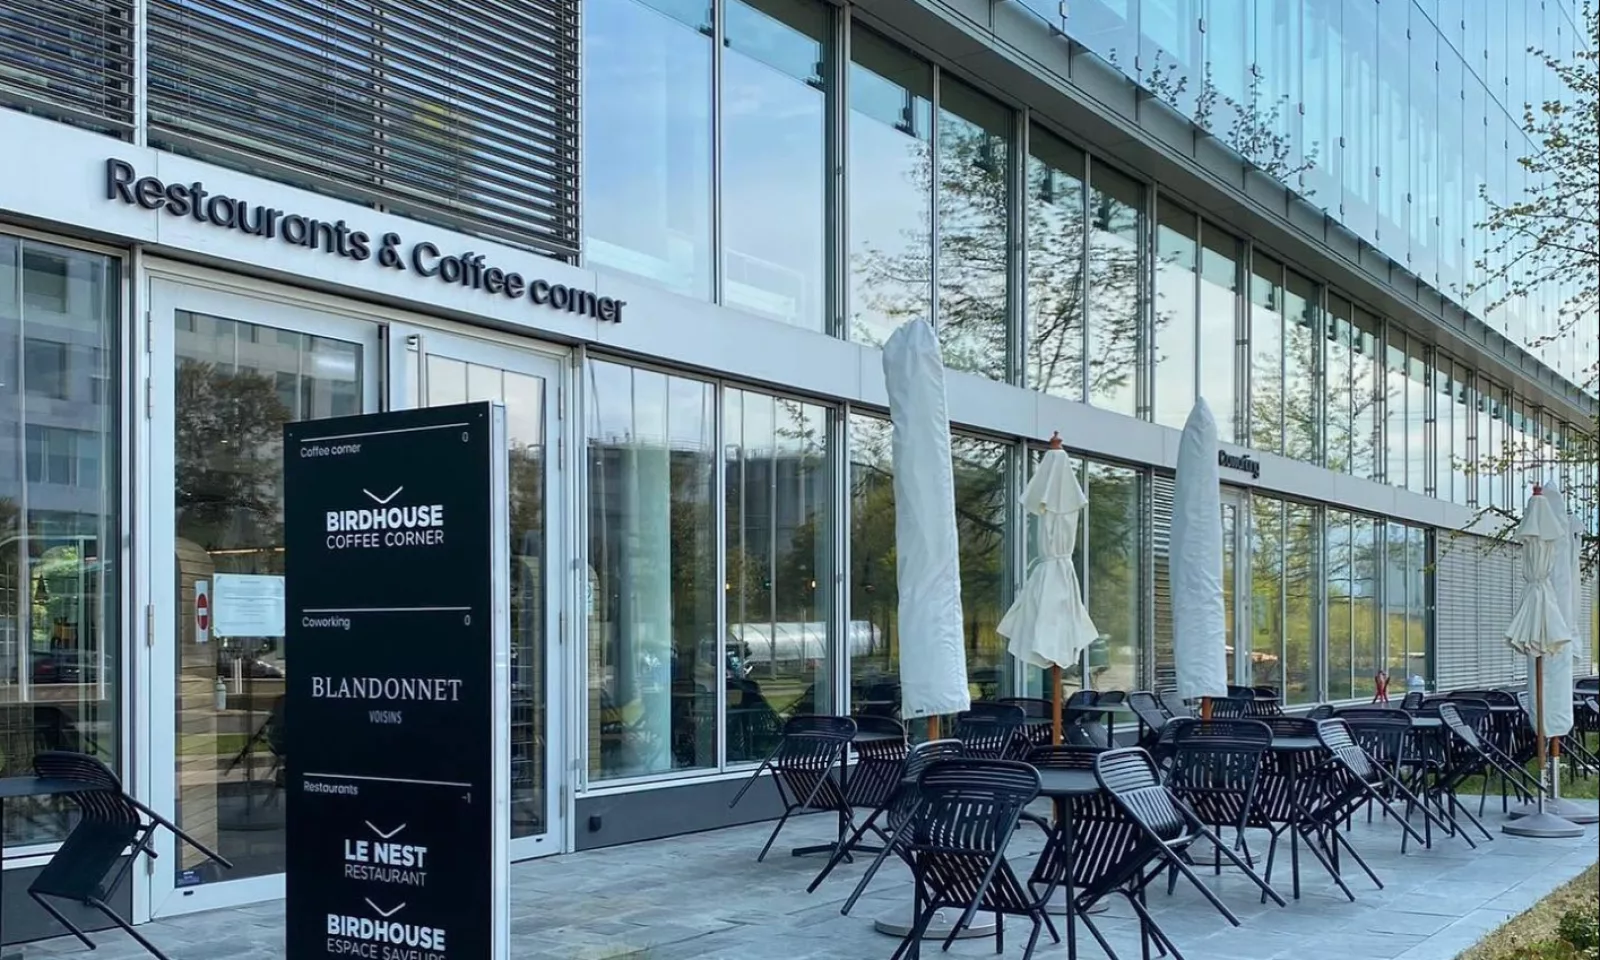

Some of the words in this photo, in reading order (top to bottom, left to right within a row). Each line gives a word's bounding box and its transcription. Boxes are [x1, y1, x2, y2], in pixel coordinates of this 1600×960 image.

[106, 158, 371, 260] Restaurants
[378, 232, 406, 270] &
[412, 242, 524, 299] Coffee
[530, 276, 627, 324] corner
[300, 445, 330, 458] Coffee
[331, 443, 361, 455] corner
[326, 504, 444, 532] BIRDHOUSE
[326, 533, 380, 549] COFFEE
[384, 530, 444, 547] CORNER
[302, 617, 351, 630] Coworking
[311, 676, 463, 701] BLANDONNET
[368, 710, 402, 725] VOISINS
[303, 780, 358, 796] Restaurants
[344, 838, 368, 862] LE
[373, 842, 427, 868] NEST
[344, 863, 427, 887] RESTAURANT
[327, 913, 445, 952] BIRDHOUSE
[327, 938, 378, 960] ESPACE

- - -

> [Brief] The records above are to be retyped exactly, with every picture left out.

> [Your solution]
Some of the words in this photo, in reading order (top to bottom, left to right within a row). Each line gives a word's bounding box and its transcription. Boxes are [x1, y1, x2, y2], in pixel coordinates of this 1600×960 image.

[106, 158, 371, 260] Restaurants
[378, 232, 406, 270] &
[412, 242, 524, 299] Coffee
[530, 276, 627, 324] corner
[300, 445, 330, 458] Coffee
[331, 443, 361, 455] corner
[326, 504, 444, 532] BIRDHOUSE
[326, 533, 380, 549] COFFEE
[384, 530, 444, 547] CORNER
[302, 617, 351, 630] Coworking
[311, 676, 463, 701] BLANDONNET
[368, 710, 402, 725] VOISINS
[303, 780, 358, 796] Restaurants
[344, 838, 368, 862] LE
[373, 842, 427, 868] NEST
[344, 863, 427, 887] RESTAURANT
[327, 913, 445, 952] BIRDHOUSE
[327, 938, 378, 960] ESPACE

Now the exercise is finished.